WHAT THE TASK REQUIRES —
Exclude all pictures, then restate the entries below word for word.

*** DATA SUPPLIED ***

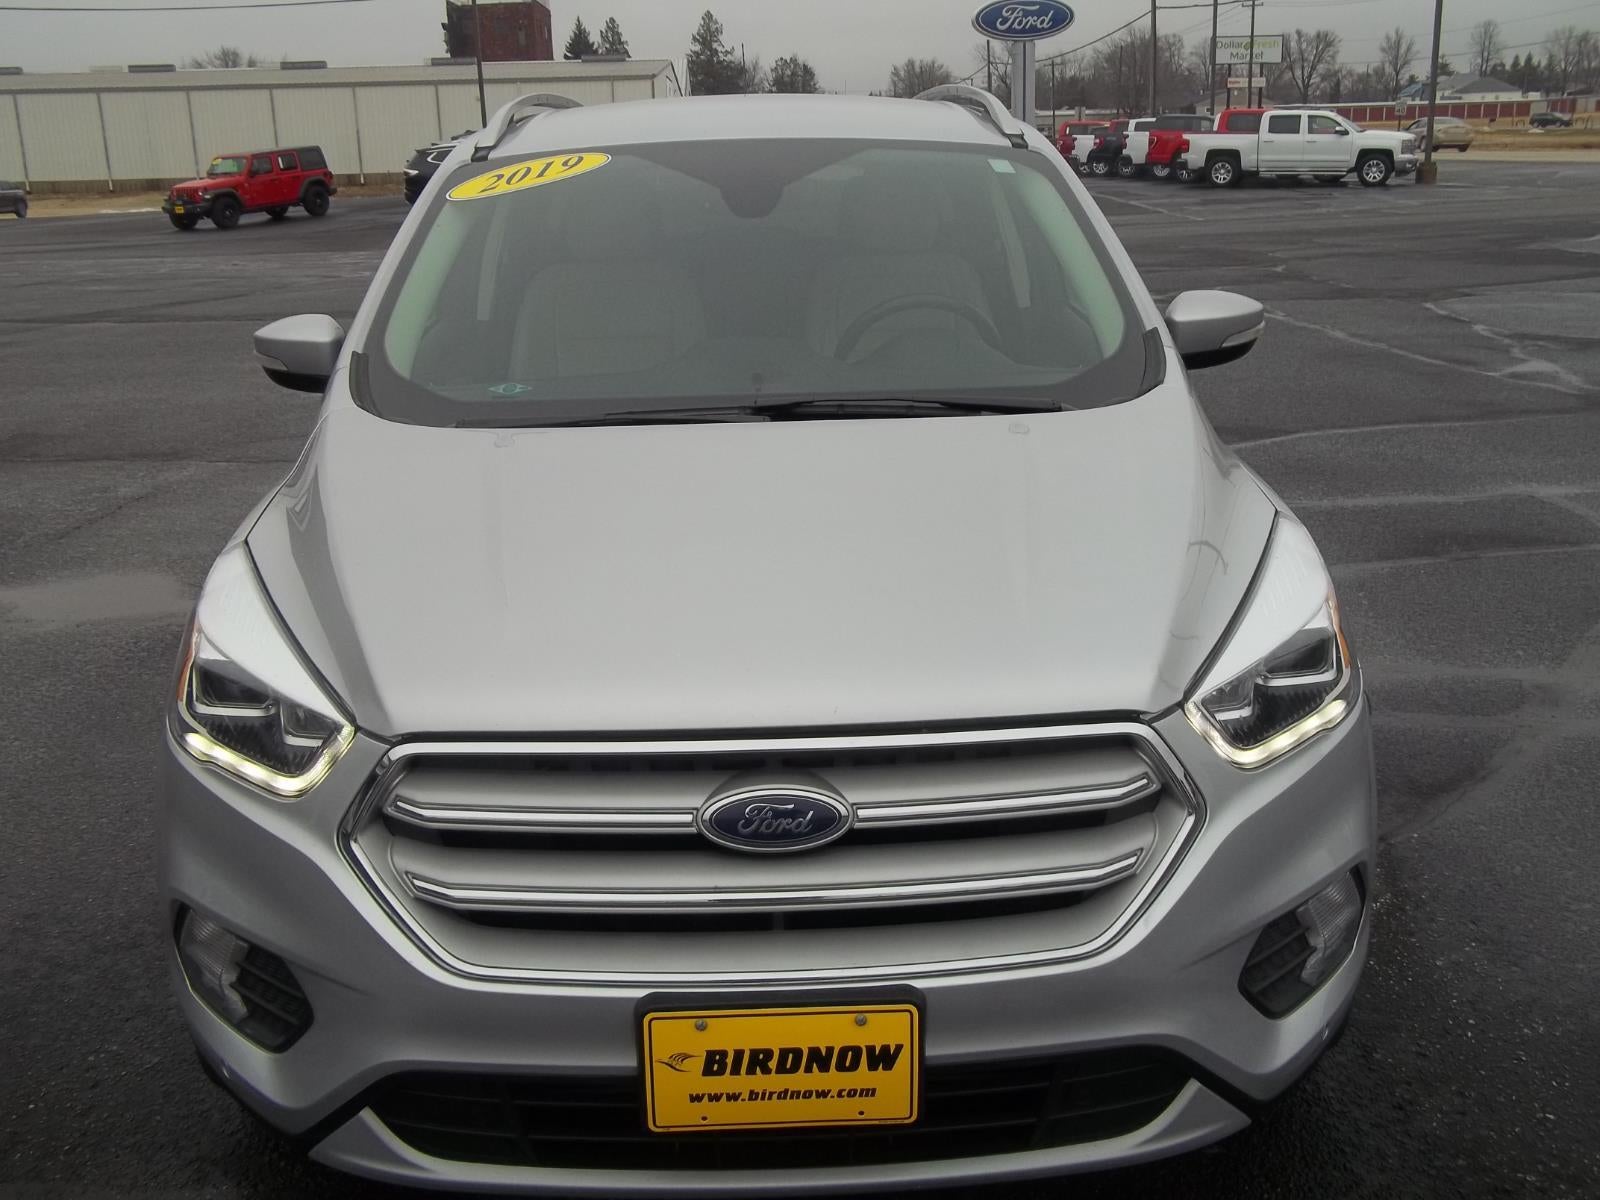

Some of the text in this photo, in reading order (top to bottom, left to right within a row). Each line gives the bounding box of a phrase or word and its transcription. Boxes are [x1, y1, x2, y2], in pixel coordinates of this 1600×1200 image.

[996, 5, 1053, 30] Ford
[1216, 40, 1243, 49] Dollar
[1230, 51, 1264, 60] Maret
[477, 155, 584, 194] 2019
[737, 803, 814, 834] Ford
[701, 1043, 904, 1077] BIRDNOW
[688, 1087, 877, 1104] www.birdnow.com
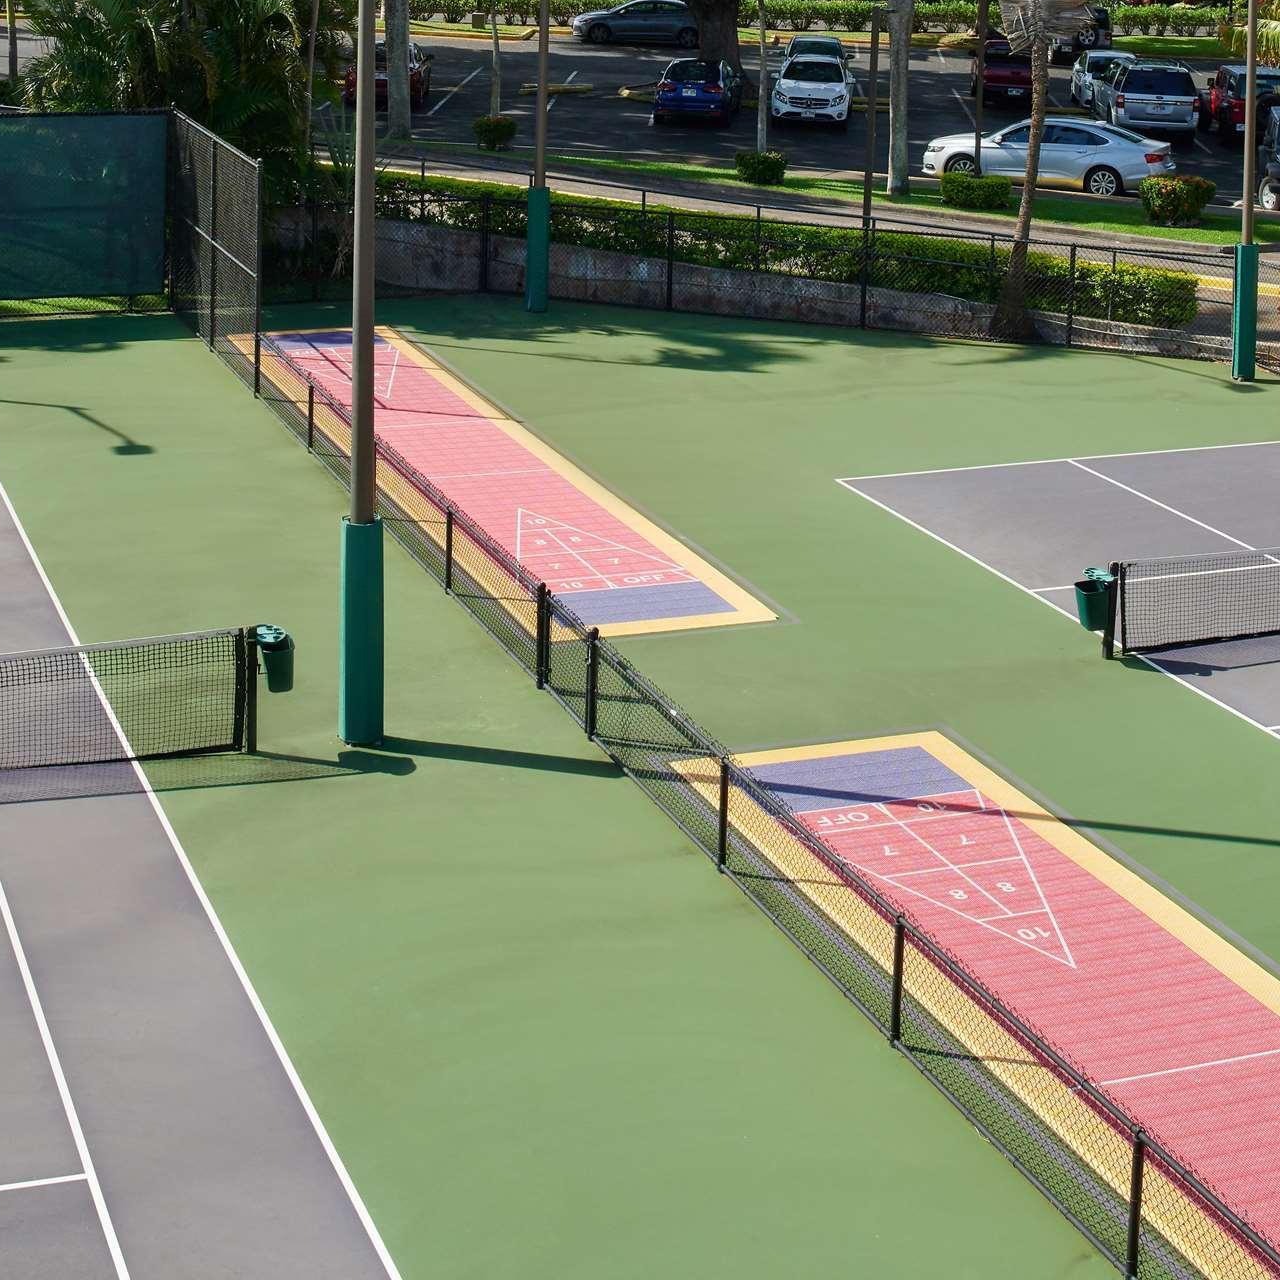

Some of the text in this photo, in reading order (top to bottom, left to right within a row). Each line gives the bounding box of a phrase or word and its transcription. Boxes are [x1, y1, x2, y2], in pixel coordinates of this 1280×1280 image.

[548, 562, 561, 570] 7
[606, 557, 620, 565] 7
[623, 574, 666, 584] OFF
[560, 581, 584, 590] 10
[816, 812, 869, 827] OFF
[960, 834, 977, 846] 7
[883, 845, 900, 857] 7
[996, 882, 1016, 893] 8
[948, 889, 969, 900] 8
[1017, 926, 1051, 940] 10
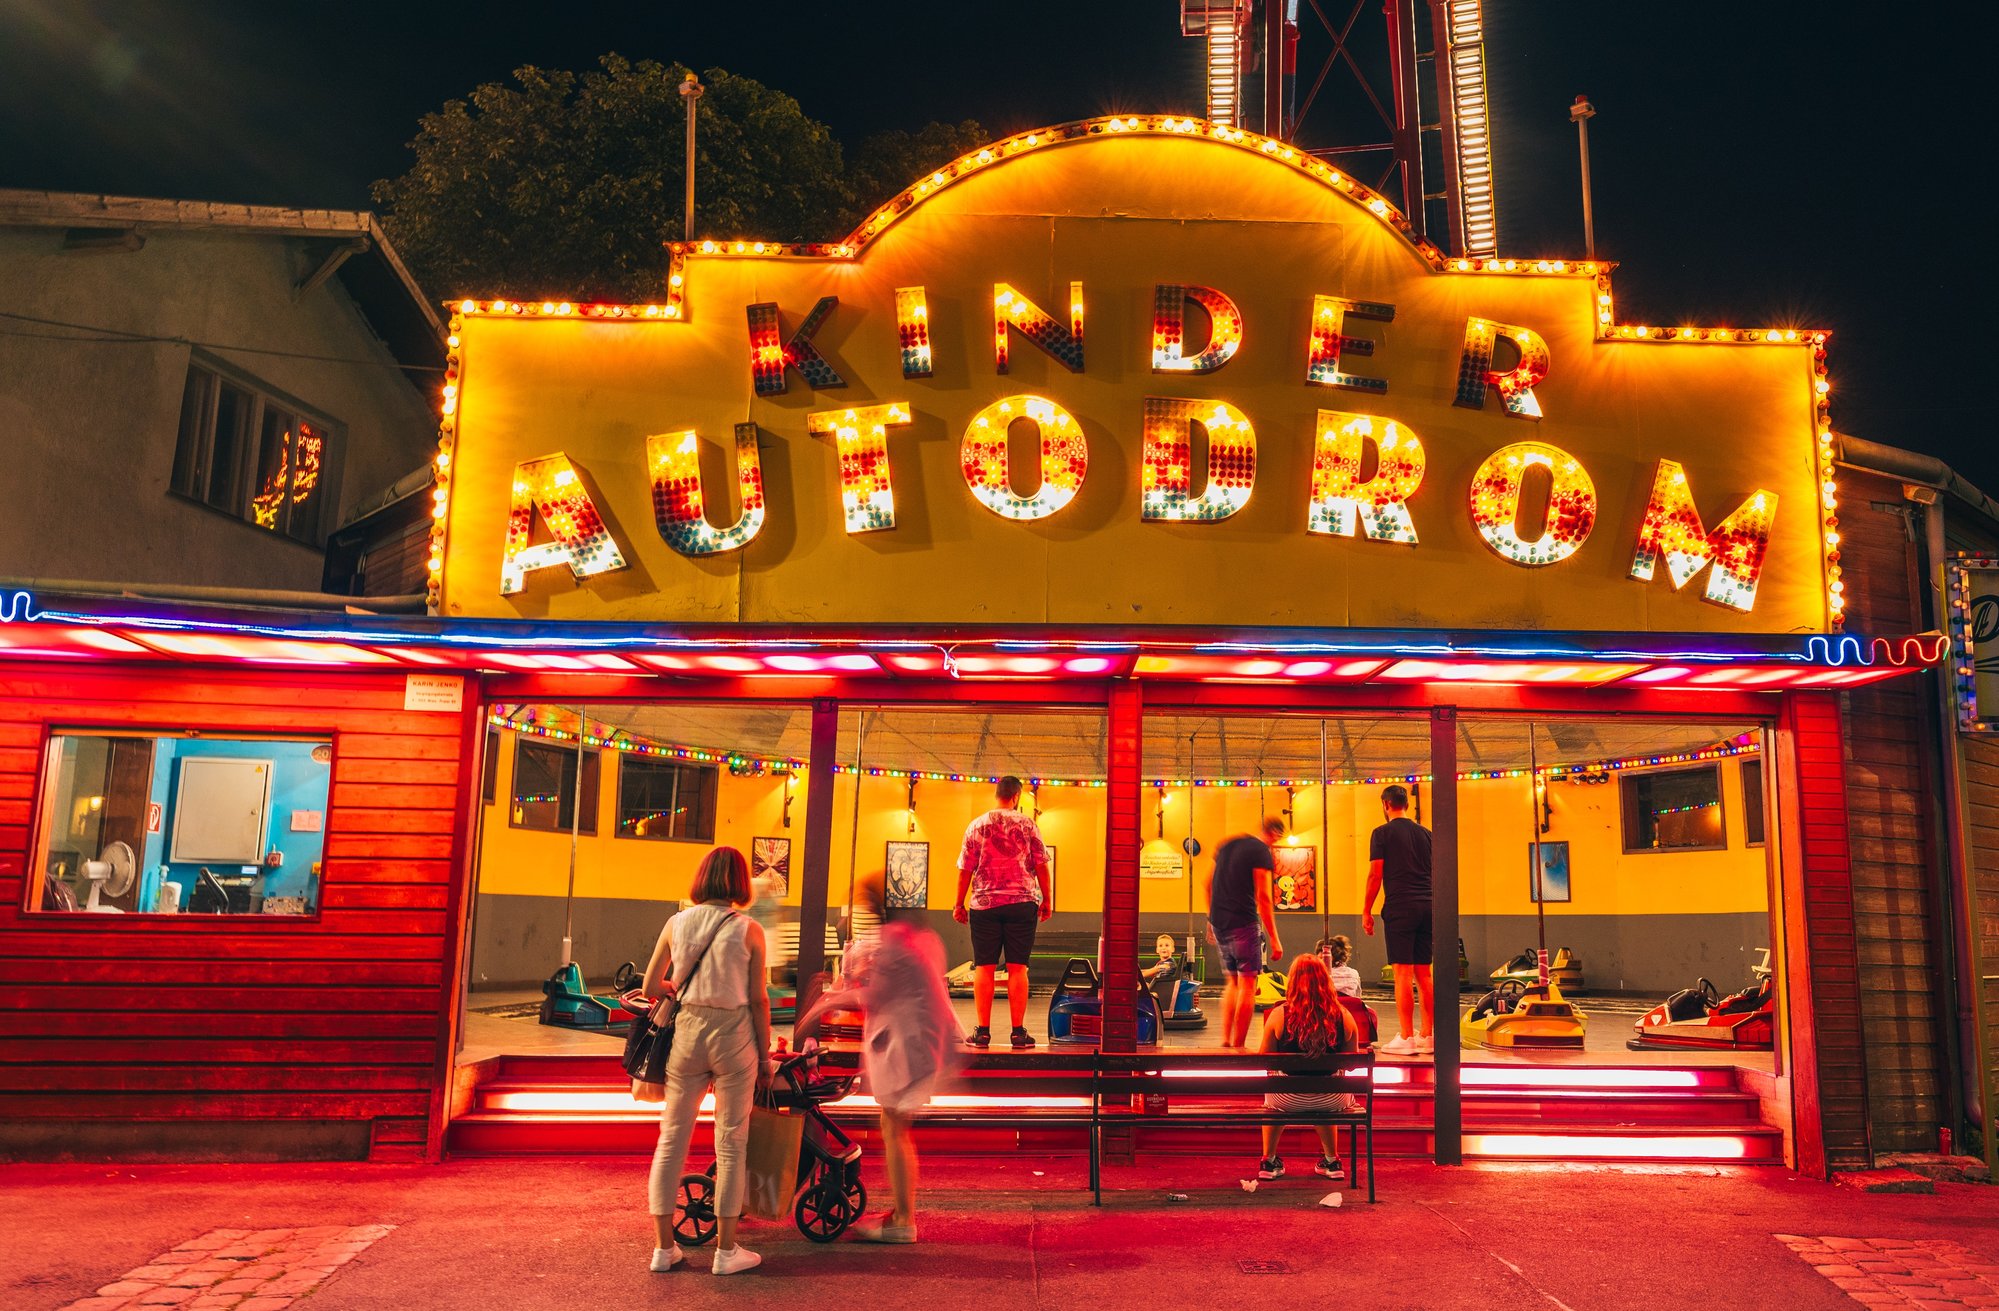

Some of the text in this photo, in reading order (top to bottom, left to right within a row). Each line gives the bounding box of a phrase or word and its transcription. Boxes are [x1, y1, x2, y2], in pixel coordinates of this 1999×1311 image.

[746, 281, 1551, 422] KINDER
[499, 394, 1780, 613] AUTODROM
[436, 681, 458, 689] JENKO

***

YOUR SOLUTION —
Some of the text in this photo, in reading order (top to bottom, left to right within a row). Each line gives the bounding box of a phrase or word and its transcription. Boxes are [x1, y1, x2, y2], in pixel coordinates of this 1600×1200 image.

[996, 5, 1053, 30] Ford
[1216, 40, 1243, 49] Dollar
[1230, 51, 1264, 60] Maret
[477, 155, 584, 194] 2019
[737, 803, 814, 834] Ford
[701, 1043, 904, 1077] BIRDNOW
[688, 1087, 877, 1104] www.birdnow.com

Some of the text in this photo, in reading order (top to bottom, left to right within a row). Each line gives the bounding box of a phrase or word and its transcription. Boxes are [x1, y1, x2, y2], in pixel coordinates of this 1280×1280 image.

[548, 562, 561, 570] 7
[606, 557, 620, 565] 7
[623, 574, 666, 584] OFF
[560, 581, 584, 590] 10
[816, 812, 869, 827] OFF
[960, 834, 977, 846] 7
[883, 845, 900, 857] 7
[996, 882, 1016, 893] 8
[948, 889, 969, 900] 8
[1017, 926, 1051, 940] 10

Some of the text in this photo, in reading order (top to bottom, left to right within a row). Each line gives the bounding box of a phrase or word and its transcription. Boxes are [x1, y1, x2, y2], in pixel coordinates of this 1999×1311 image.

[746, 281, 1551, 422] KINDER
[499, 394, 1780, 613] AUTODROM
[436, 681, 458, 689] JENKO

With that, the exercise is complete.